This is not surprising, as this game has never been release on Western shores. In fact, the version I’m playing is a fan translation by Neil Corlett. For some reason, Squaresoft felt that the game was not worth localizing, even though its predecessor, Secret of Mana, was quite popular on the Super Nintendo.
Having convinced the Berserker Ninjaa to try this game blind, just based on my experiences with the previous game, we sat down expecting our adventure to start. What we got was a character selection screen. Here we are given six characters to make an eventual three man team, with little other information to go on. When you move your cursor over the character, you get a name and nothing else, not even any talents or what type of character they are. Therefore, you have no way of knowing if the healer is the short dwarvish girl or that guy with the funny hat in the corner (At my cousin’s insistence, we chose the funny hat.).
After taking a moment, I decided to go with Lise, an Amazonian with a strange bun/ponytail combo and a very large trident…staff…thing. I then waited for my cousin to make his selection (We were playing two player after all.).

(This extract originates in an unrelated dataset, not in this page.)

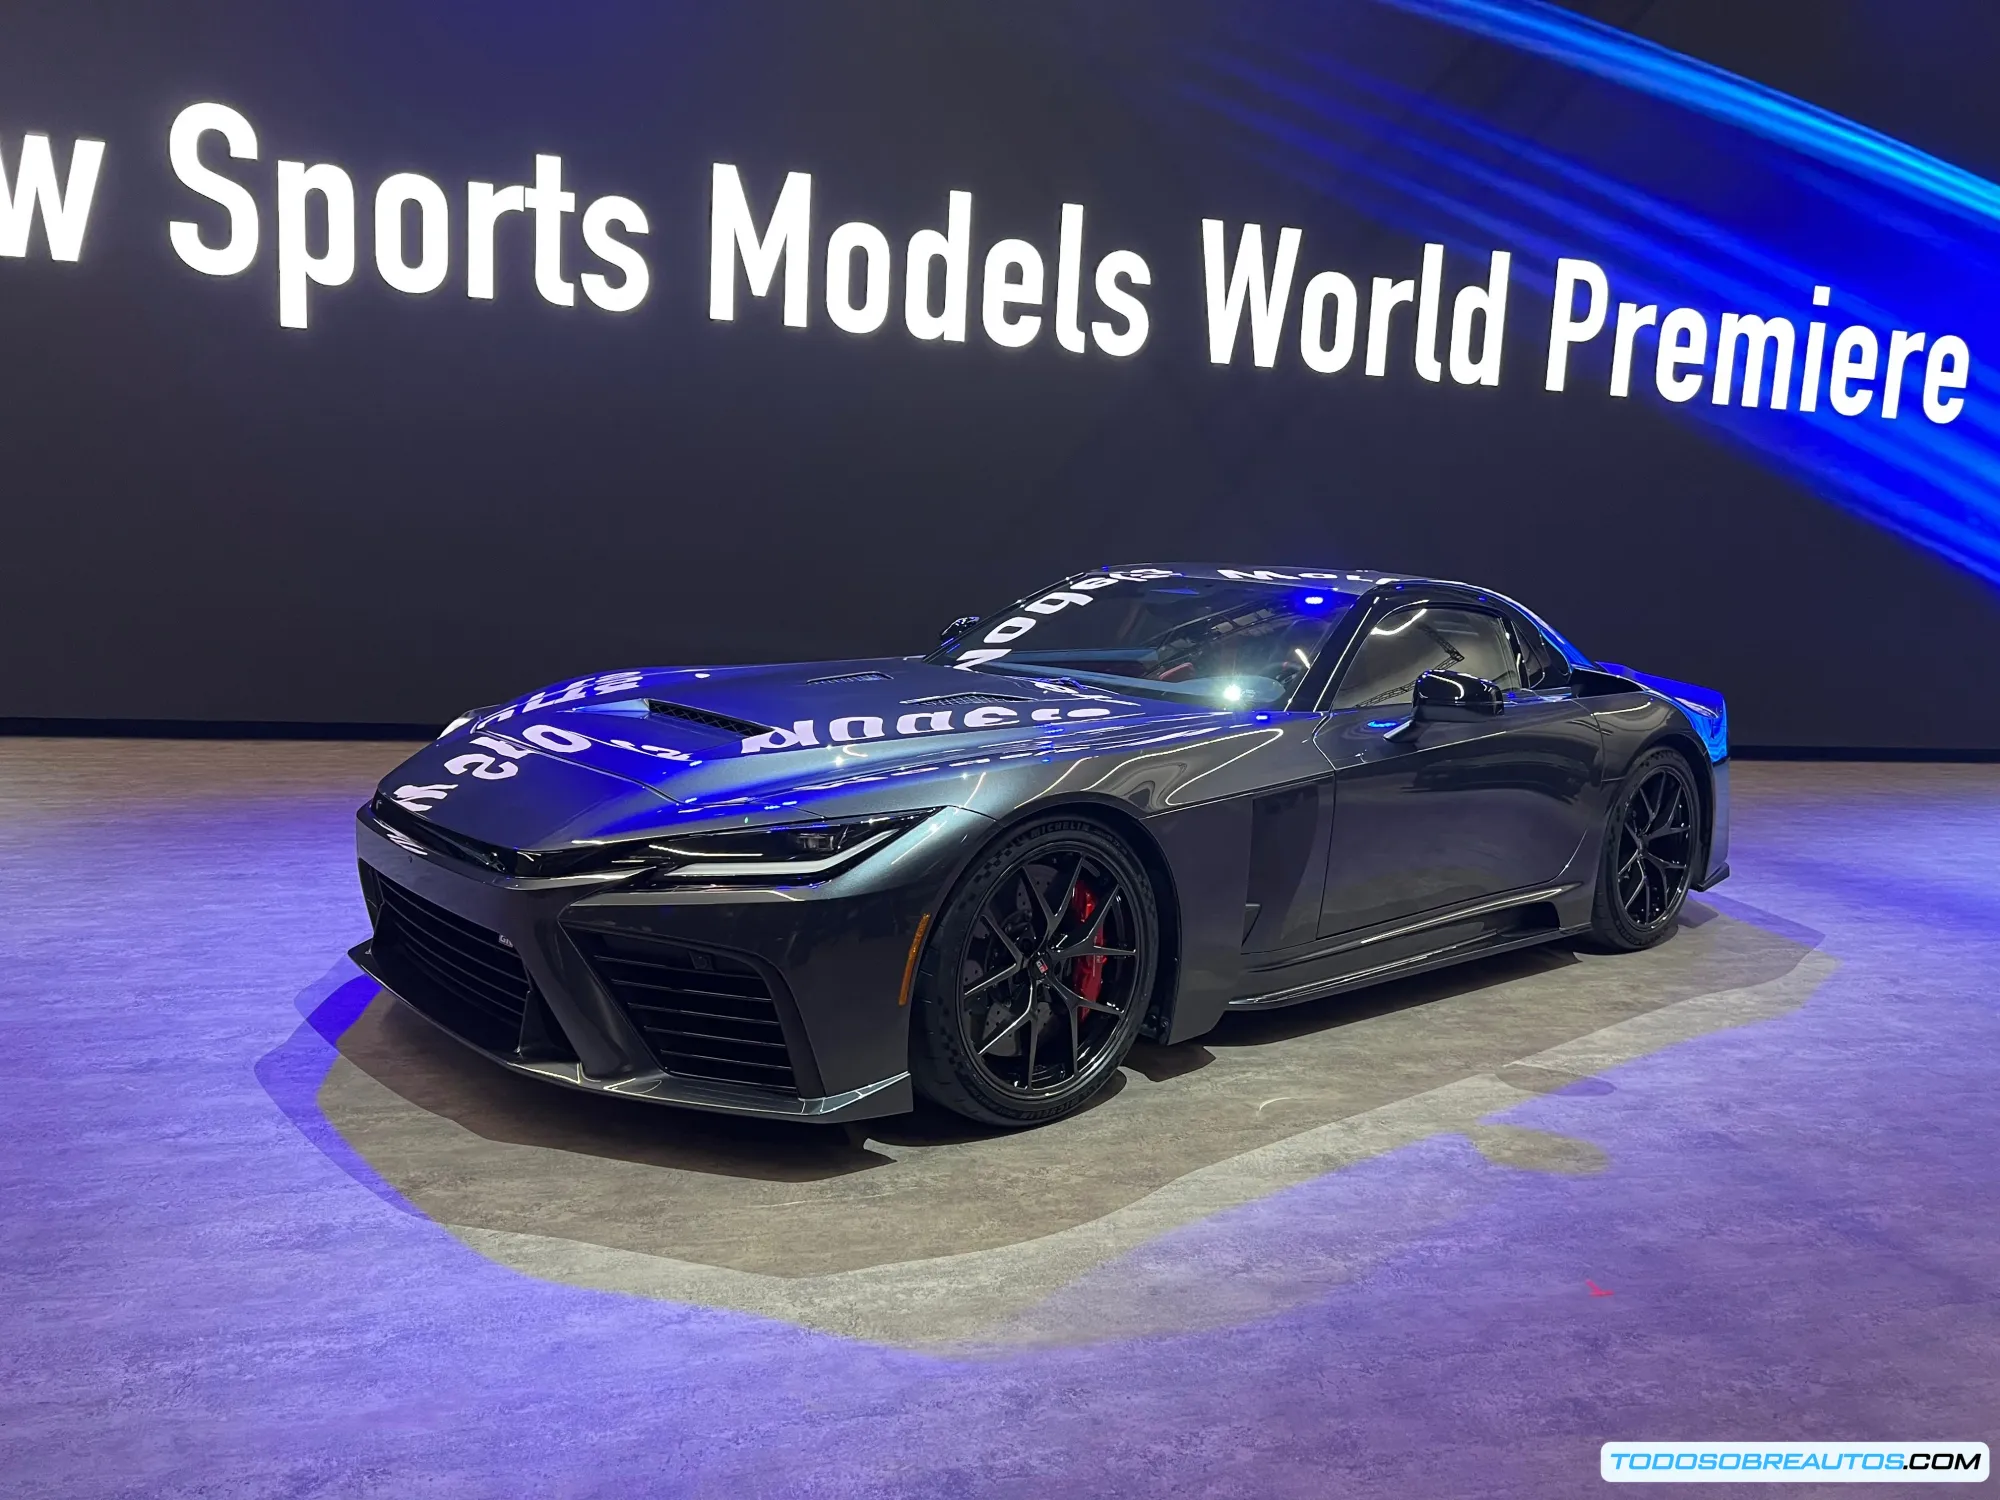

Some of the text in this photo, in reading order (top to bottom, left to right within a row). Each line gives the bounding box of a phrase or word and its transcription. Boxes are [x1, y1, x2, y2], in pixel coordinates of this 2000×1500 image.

After probably a minute of me waiting and him failing to move the cursor, we realized that I had to be the one to choose the entire team (And name them. Oh, the griefing opportunities that present themselves). So we chose Duran, the typical warrior/gladiator with a sword.

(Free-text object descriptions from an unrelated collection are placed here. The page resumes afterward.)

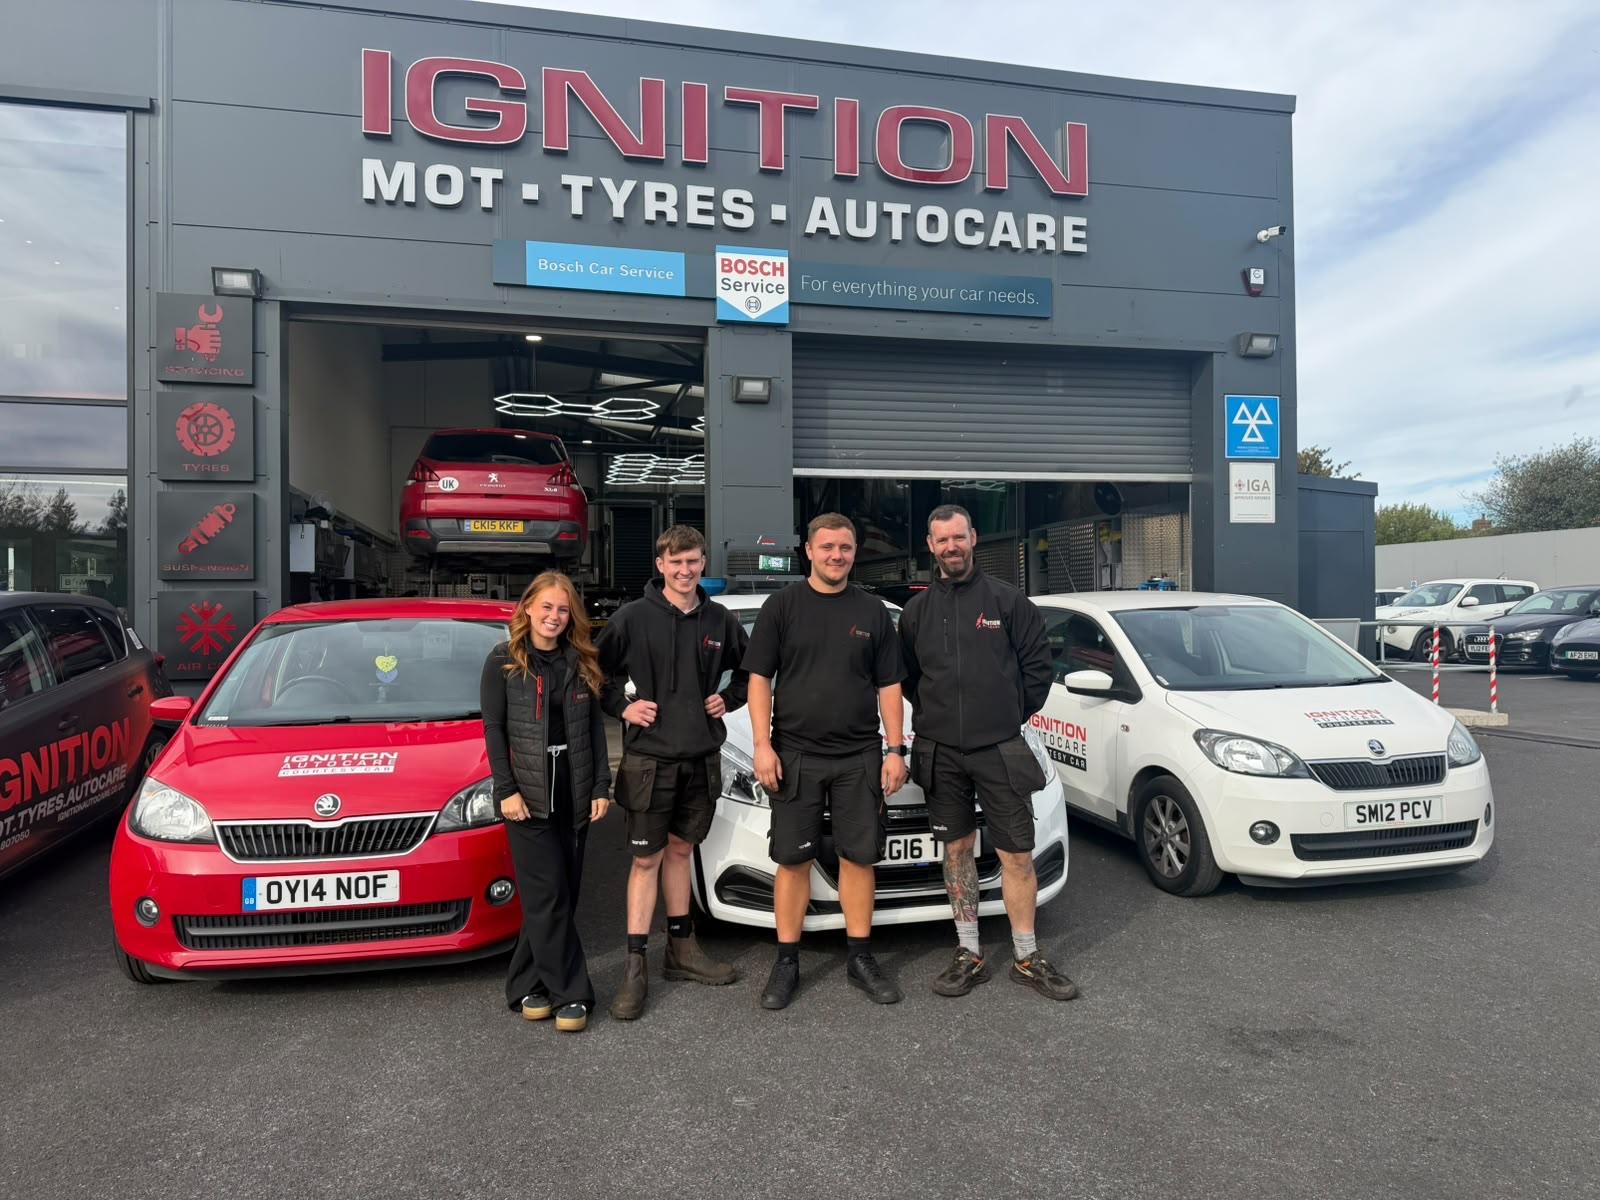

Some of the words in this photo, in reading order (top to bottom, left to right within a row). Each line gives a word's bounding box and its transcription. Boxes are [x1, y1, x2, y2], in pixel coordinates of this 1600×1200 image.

[361, 47, 1088, 196] IGNITION
[361, 158, 504, 209] MOT
[561, 174, 754, 228] TYRES
[804, 196, 1087, 253] AUTOCARE
[538, 258, 584, 273] Bosch
[589, 262, 614, 275] Car
[619, 264, 674, 280] Service
[720, 257, 785, 277] BOSCH
[720, 277, 785, 294] Service
[801, 274, 828, 291] For
[832, 279, 918, 300] everything
[921, 286, 956, 301] your
[959, 287, 983, 301] car
[988, 288, 1039, 304] needs.
[182, 463, 230, 472] TYRES
[441, 479, 455, 489] UK
[1247, 479, 1271, 492] IGA
[473, 520, 497, 530] CK15
[499, 521, 519, 531] KKF
[177, 662, 202, 671] AIR
[1304, 709, 1381, 718] IGNITION
[1036, 730, 1087, 756] TOCARE
[281, 758, 396, 769] AUTOCARE
[283, 752, 399, 763] IGNITION
[1069, 757, 1086, 769] CAR
[1356, 802, 1395, 823] SM12
[1400, 800, 1432, 820] PCV
[882, 838, 922, 860] G16
[266, 878, 327, 904] OY14
[336, 874, 388, 901] NOF

This exposes a serious flaw in the game. Although it supports co-op, the game was obviously built for one player. The game will routinely inconvenience the second player in preference of player one. This is most obvious when player one dies in battle during co-op play. Instead of allowing their partner to revive them, the game will instead swap player one into another character, even if this means kicking their partner out of the game.

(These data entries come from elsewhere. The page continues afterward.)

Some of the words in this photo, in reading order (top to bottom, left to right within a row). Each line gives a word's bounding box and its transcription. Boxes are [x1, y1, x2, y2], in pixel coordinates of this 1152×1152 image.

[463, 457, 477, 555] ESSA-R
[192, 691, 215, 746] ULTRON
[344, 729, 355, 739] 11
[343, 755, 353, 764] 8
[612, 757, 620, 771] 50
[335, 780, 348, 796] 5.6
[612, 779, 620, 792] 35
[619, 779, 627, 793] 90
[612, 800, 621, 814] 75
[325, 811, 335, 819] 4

And if you noticed my saying “partner” singular, this game indeed only supports two player co-op, unlike Secret of Mana, which supported three players simultaneously with the Nintendo Multi-tap. This is even more disappointing when you consider that the Mana series is not known for its partner AI. Thankfully, there’s a patch by Parlance that inserts three player co-op into the game. However, it should be known that there’s a part later in the game that can cause the game to crash with three players (Reports indicate that it’s in the ghost ship.). This is due to the lovely forced player switch system that I was talking about, and if player two or three dies while player one is not around and then resurrects a character, the game doesn’t know what to do. However, a little foreknowledge and pre-planning can eliminate this risk (Just have player three take a break during this part of the game.).
Once we were done selecting our characters, one of the game’s six prologues begins. Unlike previous games in the series, Seiken Densetsu 3 does not have a main hero. Instead the character you selected fills in that role, along with his or her companions. Each character has a unique story, which you hear about briefly when you first meet them. However, you personally experience the first character’s story in a prologue at the beginning of the game. This means that there are six storylines that can be experienced in the game, but only if you’ve selected that certain character as player one.
Lise’s story begins with a combat tutorial. And when I say tutorial, I don’t mean putting you with a master trainer of some sort who teaches you the ins and outs of the battle system. I mean throwing you into combat with another enemy, in what is essentially a cage match, and letting you figure out what to do. When you die, the other Amazons who are watching you will revive you with full health so that you can continue fighting. As in Secret of Mana, this allows you to learn what you are doing in a real combat situation, while being absolutely safe from a premature game over.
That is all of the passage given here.